Exercise
Please copy all of the entries exactly, but drop every picture.

Task inputs
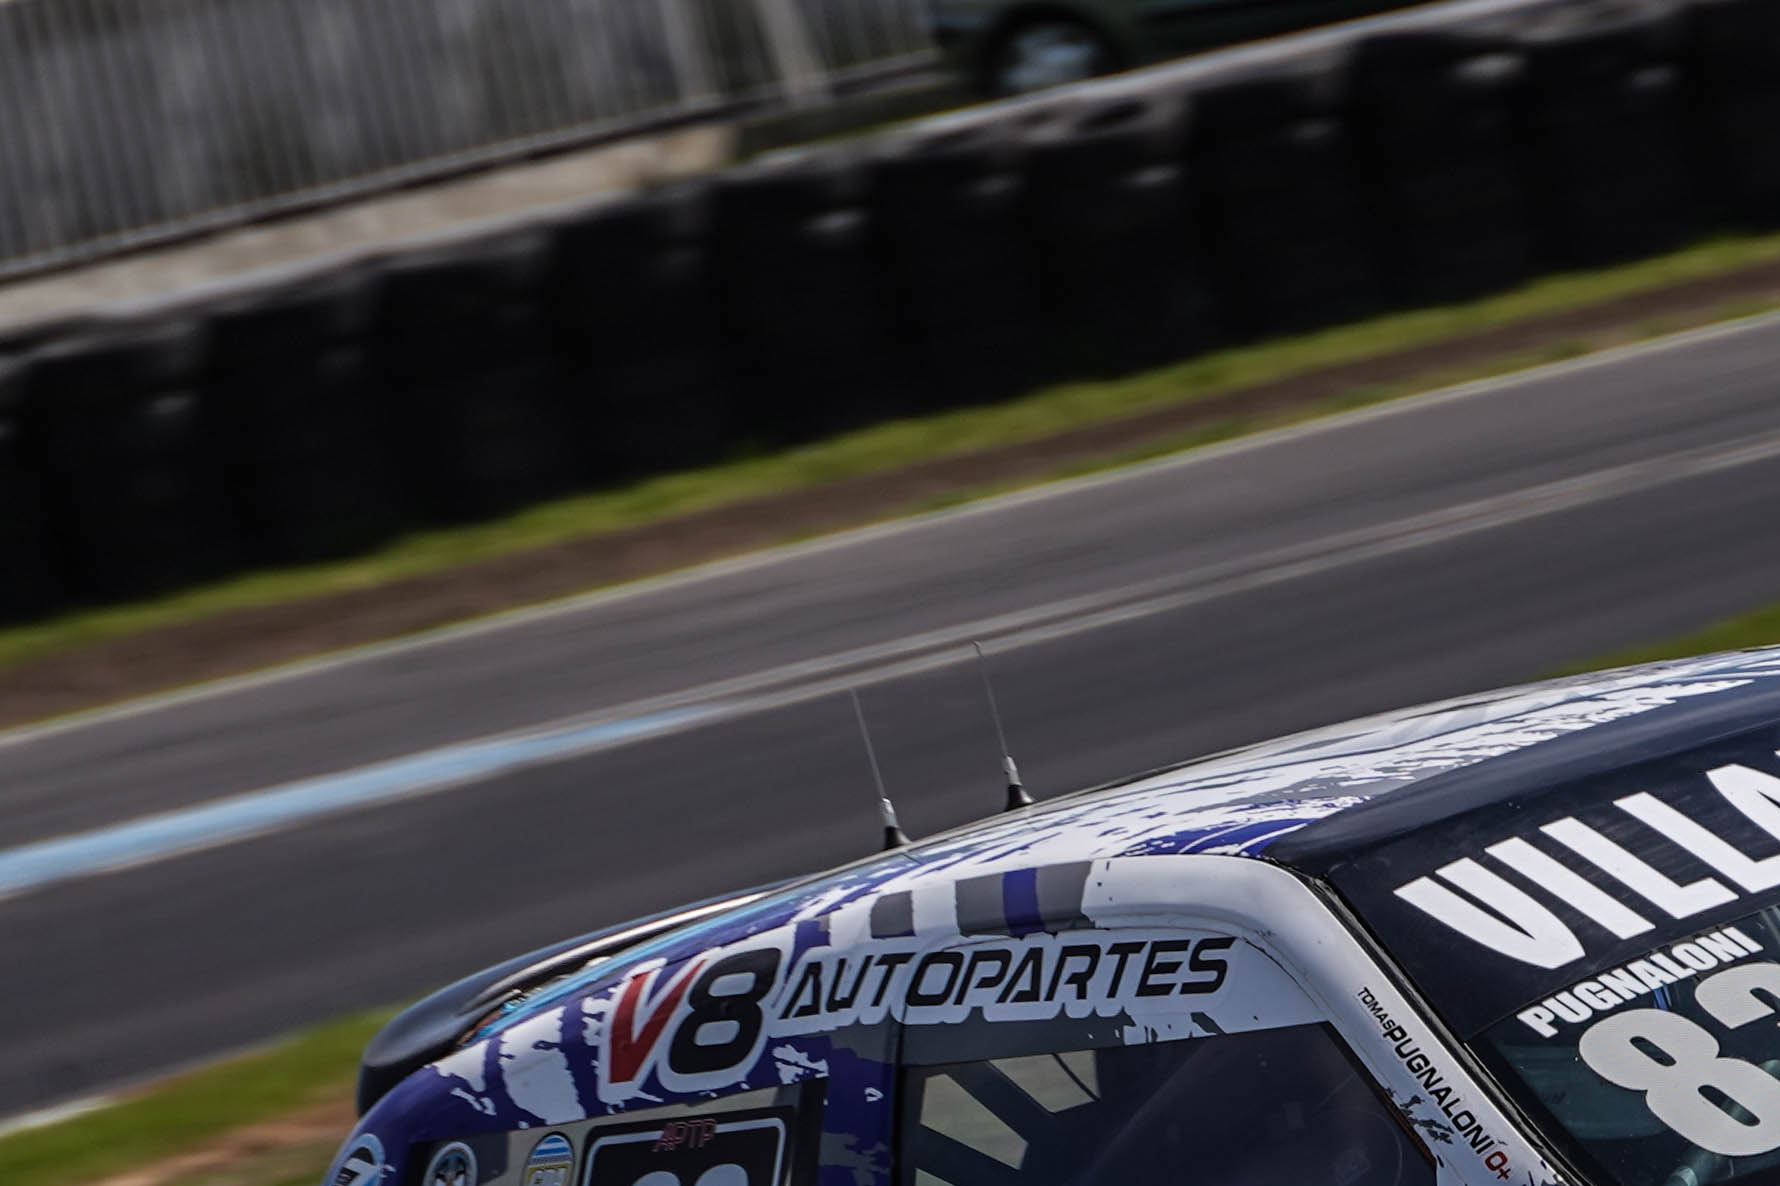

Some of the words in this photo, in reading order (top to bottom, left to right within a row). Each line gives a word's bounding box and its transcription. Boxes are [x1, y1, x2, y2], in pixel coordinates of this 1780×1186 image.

[608, 945, 781, 1084] V8
[778, 937, 1237, 1019] AUTOPARTES
[1516, 927, 1764, 1038] PUGNALONI
[1358, 987, 1395, 1031] TOMAS
[1383, 1025, 1494, 1155] PUGNALONI
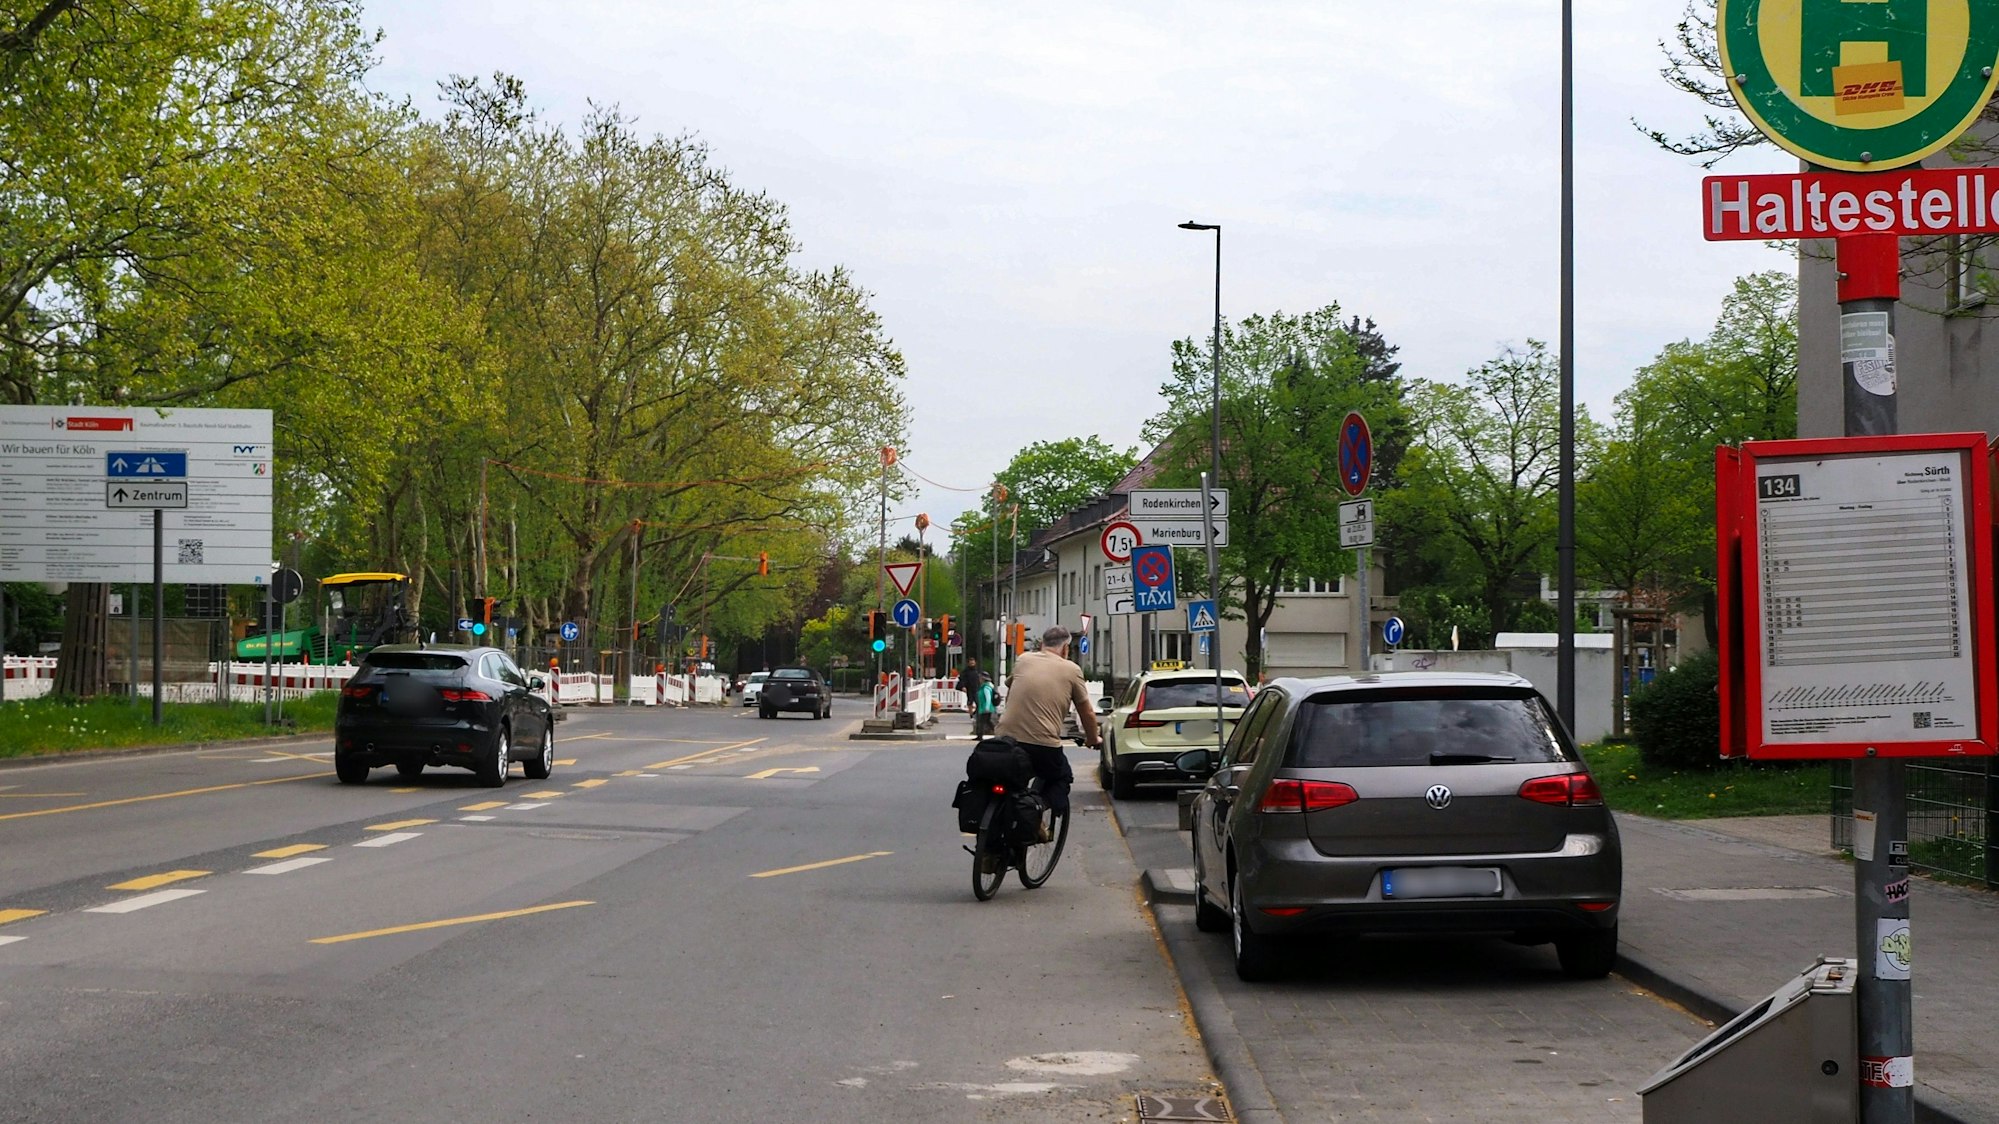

Exercise answer
Some of the words in this photo, in reading order (top to bottom, left to right within a row). Each line gives a word's bounding box and its transcription. Boxes are [x1, y1, x2, y2], in pixel coordinates of this 1780×1186 image.

[608, 945, 781, 1084] V8
[778, 937, 1237, 1019] AUTOPARTES
[1516, 927, 1764, 1038] PUGNALONI
[1358, 987, 1395, 1031] TOMAS
[1383, 1025, 1494, 1155] PUGNALONI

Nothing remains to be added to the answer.